Legal/Regulatory Issues
If an incorrect medical decision is made based on a complex ML decision support tool, it is unclear what entity should be held liable for that decision [Reference Yu, Beam and Kohane45]. Government regulations for ML-based clinical support tools are still being developed [104].
Limitations
The authors realize that we have not included mention of several new and important techniques namely in the fields of deep learning, AI, and NLP. We agree that the methods mentioned above are important in the field of predictive modeling and have a place in the analysis of healthcare data. We have chosen to exclude them from this paper as their use is more advanced and requires a more in-depth knowledge of the underlying mathematical and conceptual processes needed to utilize such applications. Deep learning, for instance, involves utilizing multiple layers of neural networks where each network trains a more complicated task.
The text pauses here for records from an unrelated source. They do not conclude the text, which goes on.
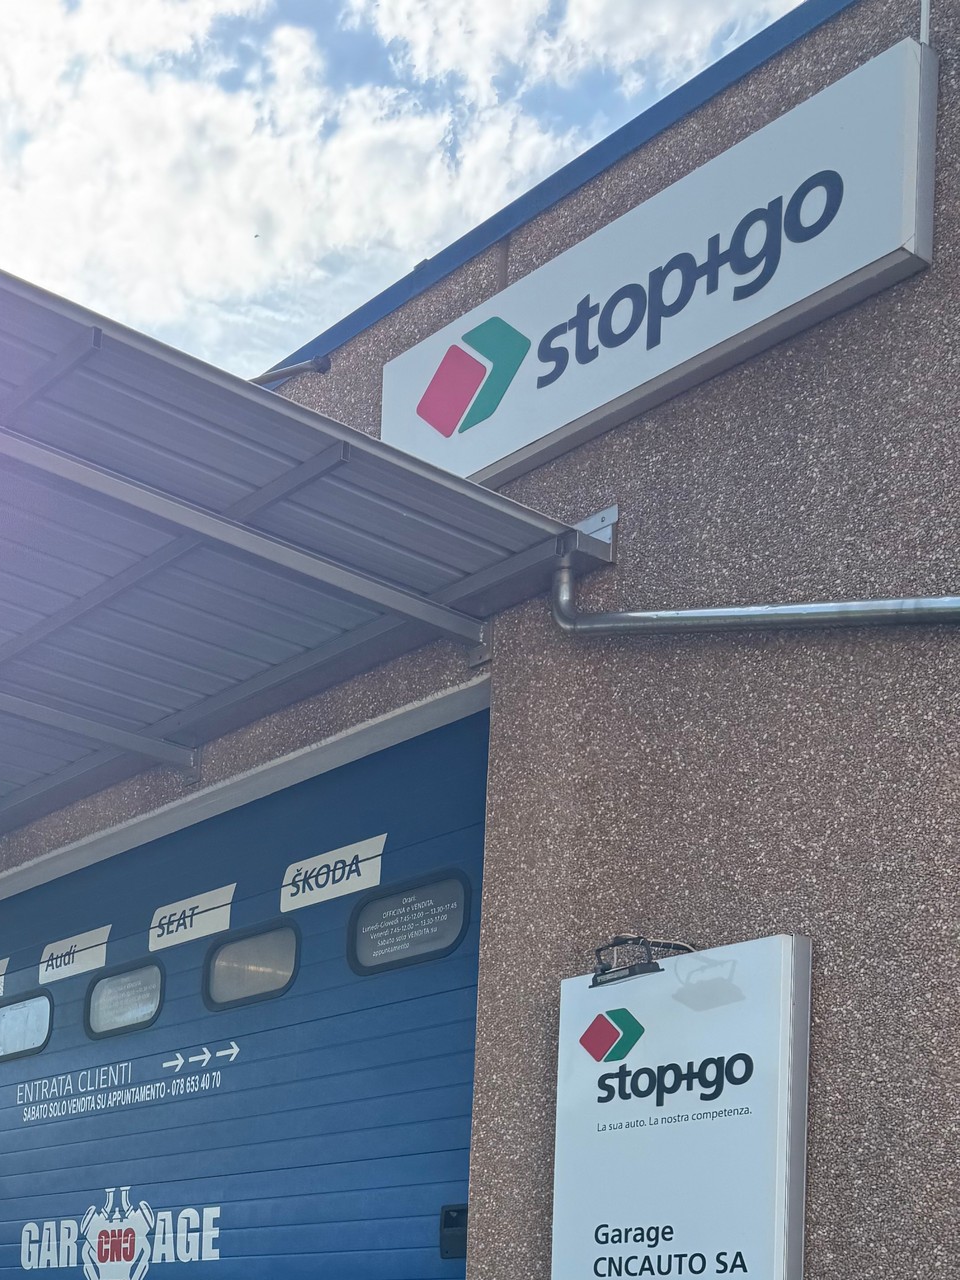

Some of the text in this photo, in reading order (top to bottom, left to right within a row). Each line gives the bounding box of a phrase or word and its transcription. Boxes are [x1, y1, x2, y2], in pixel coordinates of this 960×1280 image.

[537, 169, 844, 389] stop+go
[289, 854, 362, 898] ŠKODA
[156, 905, 199, 938] SEAT
[45, 944, 77, 972] Audi
[16, 1061, 133, 1105] ENTRATA CLIENTI
[22, 1104, 48, 1122] SABATO
[48, 1101, 67, 1118] SOLO
[67, 1096, 96, 1115] VENDITA
[96, 1093, 107, 1109] SU
[106, 1082, 166, 1108] APPUNTAMENTO
[171, 1078, 185, 1095] 078
[186, 1075, 199, 1093] 653
[200, 1073, 210, 1090] 40
[211, 1071, 221, 1088] 70
[597, 1053, 754, 1107] stop+go
[597, 1106, 753, 1132] La sua auto. La nostra competenza.
[594, 1222, 674, 1248] Garage
[593, 1251, 748, 1278] CNCAUTO SA
TensorFlow is one example of deep learning and Pytorch is another. Reinforcement learning trains a system to answer multiple questions in sequence. NLP allows data to be extracted from physicians’ notes to be used in analytical applications. All of these are important, recent advances in the field of predictive analytics. Their use, however, is more complex (more training steps, the creation of multiple networks) than the more routine ML process presented above and thus outside the scope of this paper [Reference Esteva105,106]. Additionally, the use of AI and NLP in healthcare is still under scrutiny [Reference Szabo107,108] and best practices for their use are still being adopted.
Discussion
ML algorithms have the potential to be powerful and important tools for healthcare research. Here, we have provided researchers with cautionary notes regarding the use of EHR data, insurance databases, and other clinical data with ML algorithms. We have presented the healthcare researcher with a ML pipeline for preparing the data, running the data through various algorithms using separate training/testing datasets, evaluating the created predictive model, tuning any necessary model parameters, and finally validating the predictive model on a separate dataset. In addition, we mention several commonly used ML algorithms frequently referenced in the healthcare literature, and the pros/cons of various supervised methods. Finally, we also mention several considerations for using ML algorithms with healthcare data that, while important, are beyond the scope of this article. Our goal with the concepts and methods described in this article is to educate the healthcare researcher to better understand how to properly conduct a ML project for clinical predictive analytics. We should also note that ML methods do not always perform better than traditional statistical-based methods such as logistic regression [Reference van der Ploeg, Austin and Steyerberg109]. The clinician or translational researcher should familiarize themselves with the differences between traditional statistical-based methods and ML methods and utilize what works best for their specific questions of interest [110].
Acknowledgments
This study was supported by the following grants from the National Institutes of Health: UL1TR001439 (H.M.S.), UL1TR001425 (C.B., J. M-D), UL1 TR002535 (J.A., K.E.T.). Contents are the authors’ sole responsibility and do not necessarily represent official NIH views.
Disclosures
No authors reported conflicts of interest.